Отец промолчал, а мама вздохнула: “И, слава Богу…” “Как не страшно отцу подниматься в небо на таком тяжелом, холодном и мертвом…” – раньше такая мысль Димке в голову не приходила, быть может, потому, что Демин-старший сыну о своей работе ничего не рассказывал и на аэродром никогда не брал. А Димка и не просил. Маме редко удавалось выудить подробности какого-нибудь события или ЧП, случившегося в полку. Она узнавала все от жен более откровенных летчиков. Возможно, поэтому мама ревновала мужа к полетам, о чем сама не раз полушутя признавалась.
Димка гордился отцом привычно, как Славка и Толик, как Татка, Вадим и другие дети летчиков, которые слегка задавались перед “технарями”. Но стать инженером, строить самолеты, а не летать на них – такая перспектива Димке нравилась больше. Впрочем, строить можно и морские корабли…

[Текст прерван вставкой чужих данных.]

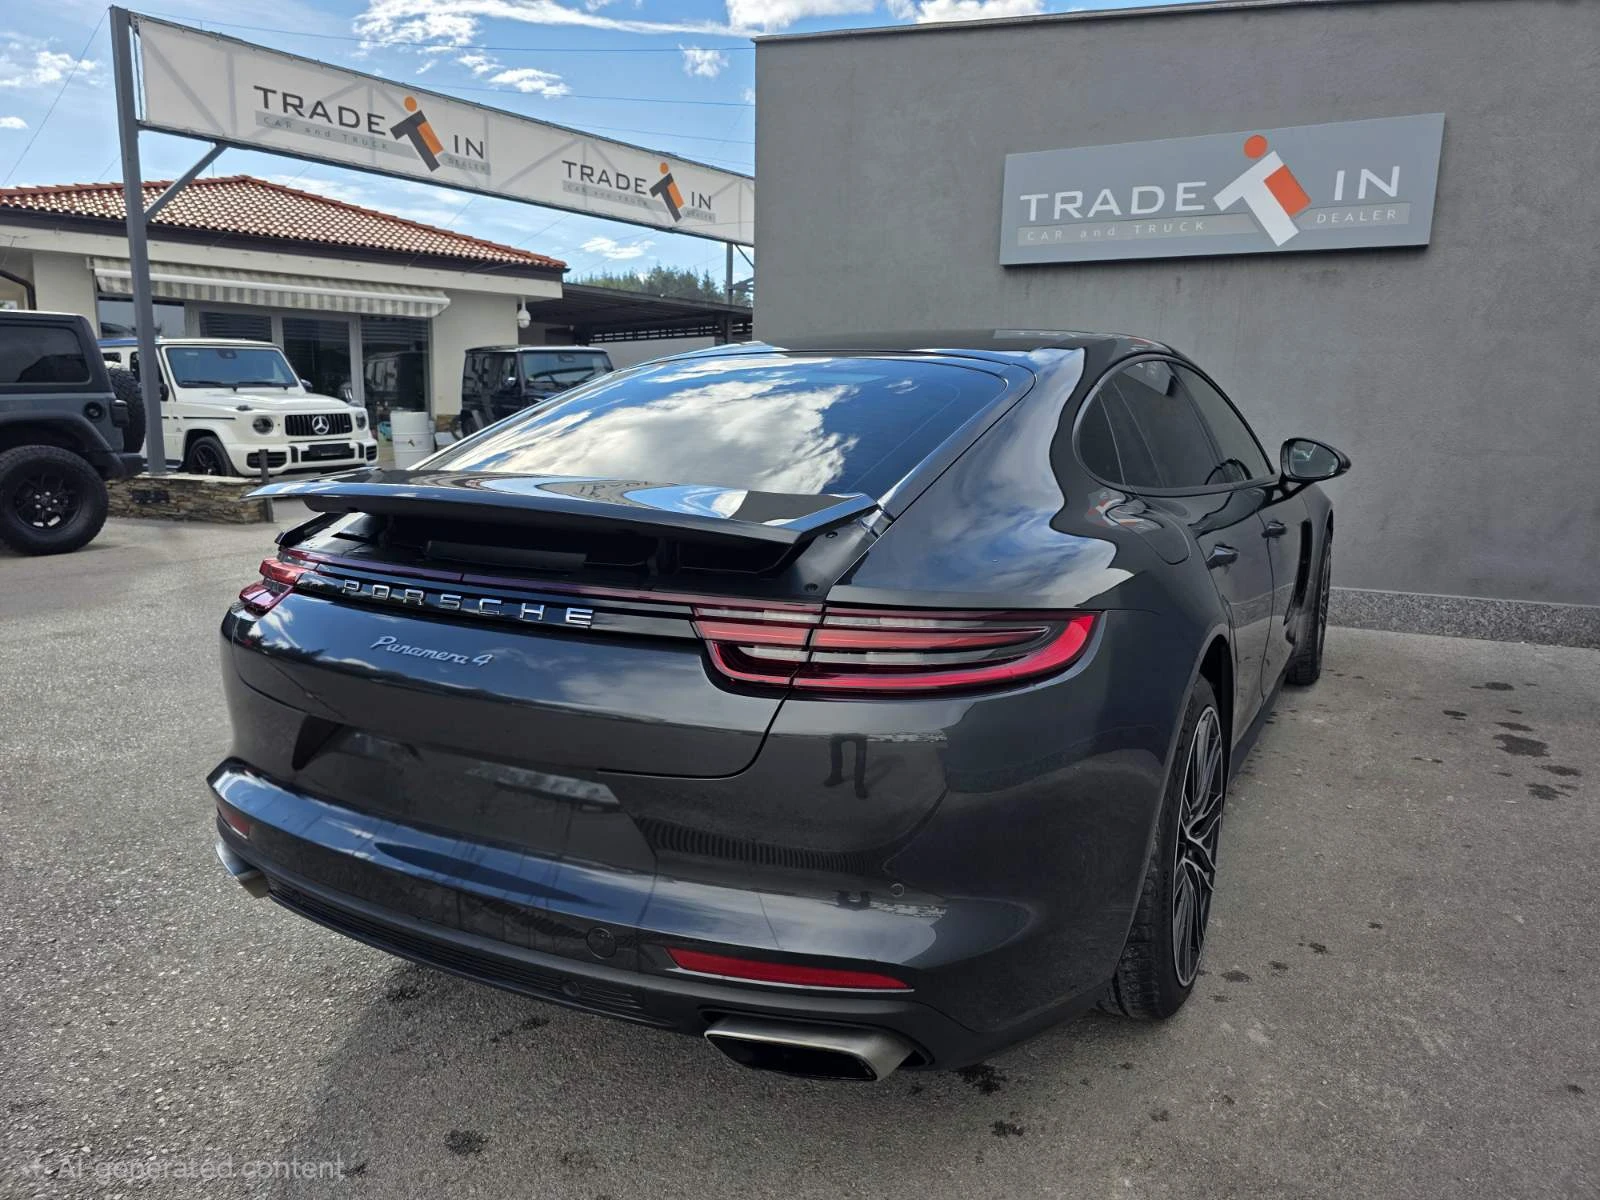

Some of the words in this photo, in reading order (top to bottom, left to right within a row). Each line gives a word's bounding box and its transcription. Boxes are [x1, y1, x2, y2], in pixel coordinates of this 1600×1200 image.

[253, 85, 386, 136] TRADE
[453, 134, 485, 160] IN
[562, 160, 647, 195] TRADE
[691, 191, 712, 210] IN
[1020, 181, 1207, 222] TRADE
[1334, 166, 1400, 200] IN
[1027, 230, 1063, 241] CAR
[1080, 227, 1116, 240] and
[1134, 221, 1205, 235] TRUCK
[1316, 209, 1397, 224] DEALER
[341, 579, 595, 627] PORSCHE
[369, 635, 469, 665] Panamera
[471, 653, 494, 667] 4
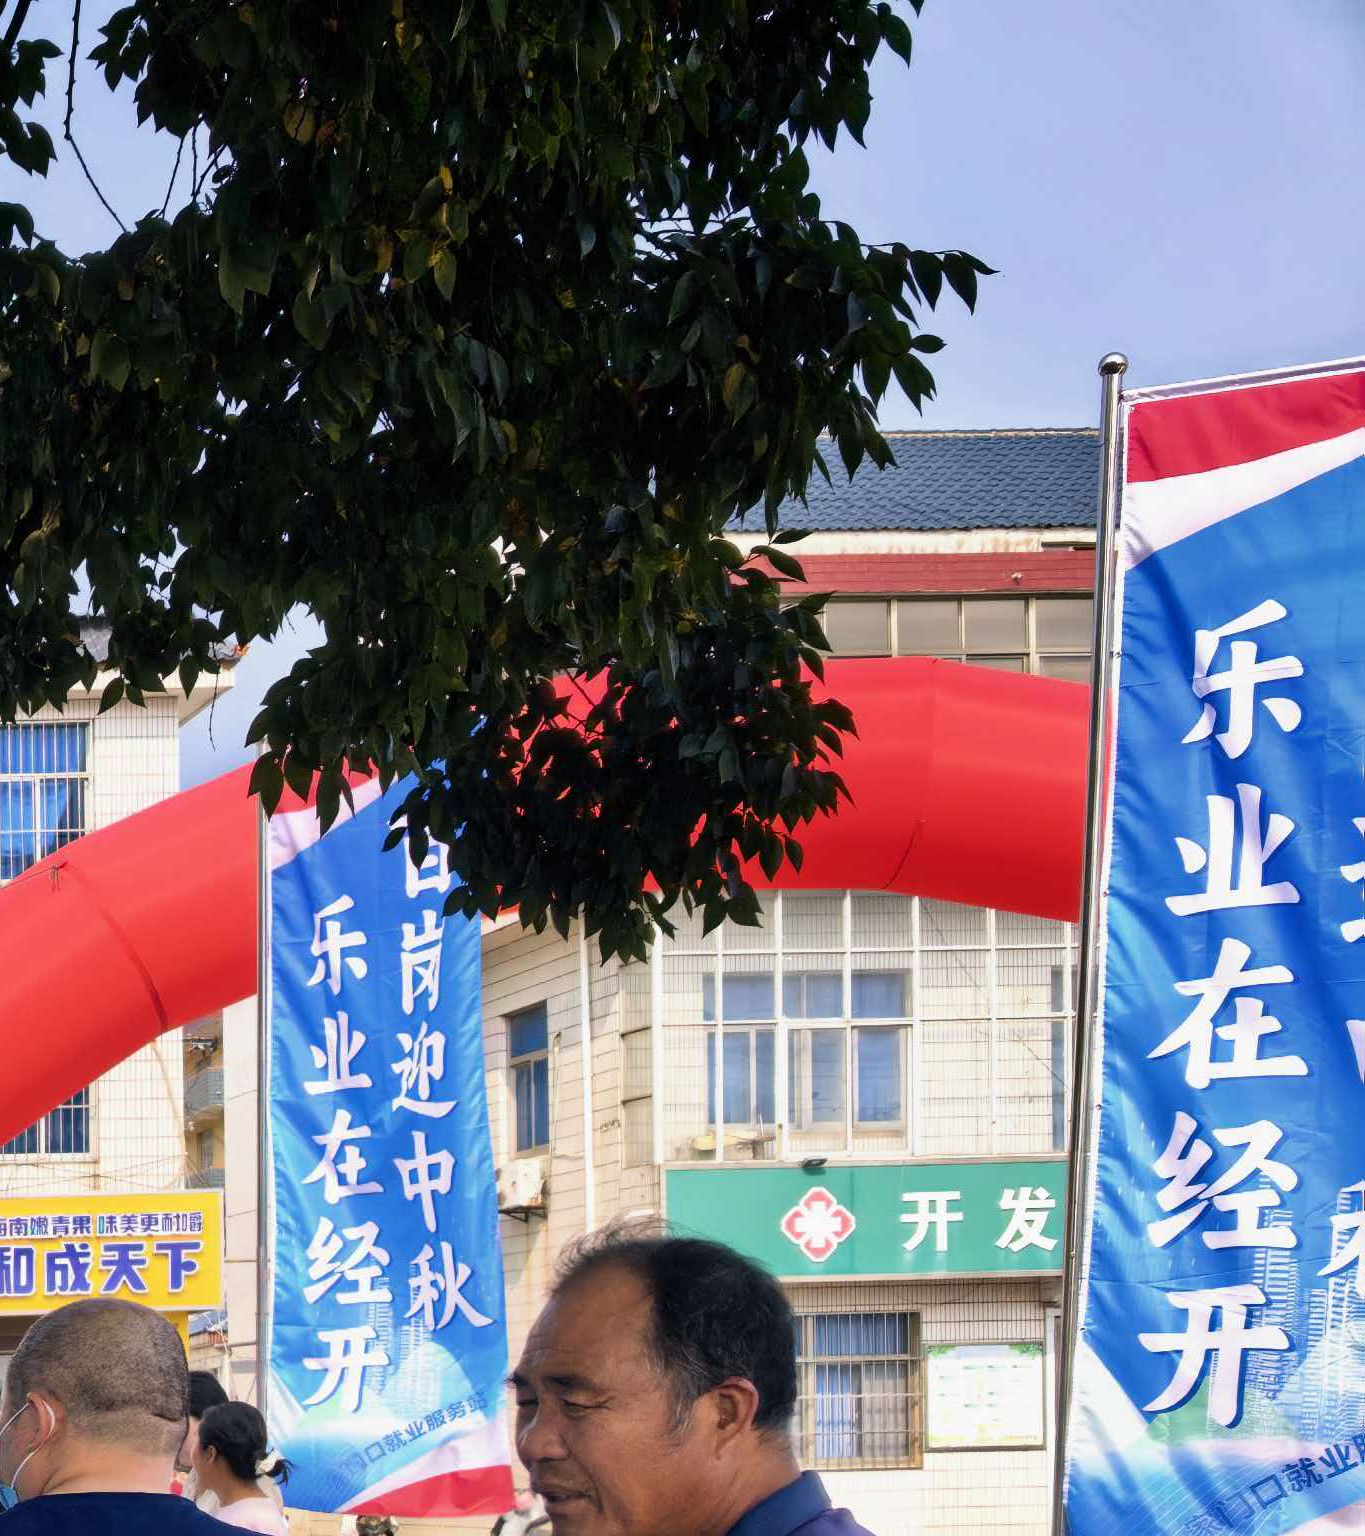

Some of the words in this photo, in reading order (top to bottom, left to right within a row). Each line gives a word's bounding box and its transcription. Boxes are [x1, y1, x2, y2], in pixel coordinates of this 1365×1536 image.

– Ты че, очумел? Чего выставляешься? – громкий Мишкин шепот раздался откуда-то сзади и, как показалось, издалека. Димка вздрогнул, резко обернулся, стукнулся-таки о выступ на носу истребителя-бомбардировщика и, потирая вспухающую на лбу шишку, пригибаясь, пошел на голос.
Теперь можно было рассмотреть все, что окружало его. А были это лишь самолеты. Сначала они показались Димки все на “одно лицо”, как кажутся люди чужой, незнакомой расы. Одни стояли кучно, крылом к крылу, другие – в недлинных шеренгах. Были и одиночки со снятыми крыльями и носами, а то и с разобранным нутром, откуда извлекли двигатель. Кое-где на самолетах не было обшивки, словно с тел их и крыльев содрали кожу, и солнце высвечивало кости, ребра и внутренности. Но особенно неприятно было смотреть на истребители со сложенными шасси. Они лежали, уткнувшись носами в землю, как подбитые птицы. Один самолет рухнул на бок – подломилась правая стойка, и задранное к небу крыло напоминало вскинутую в агонии руку.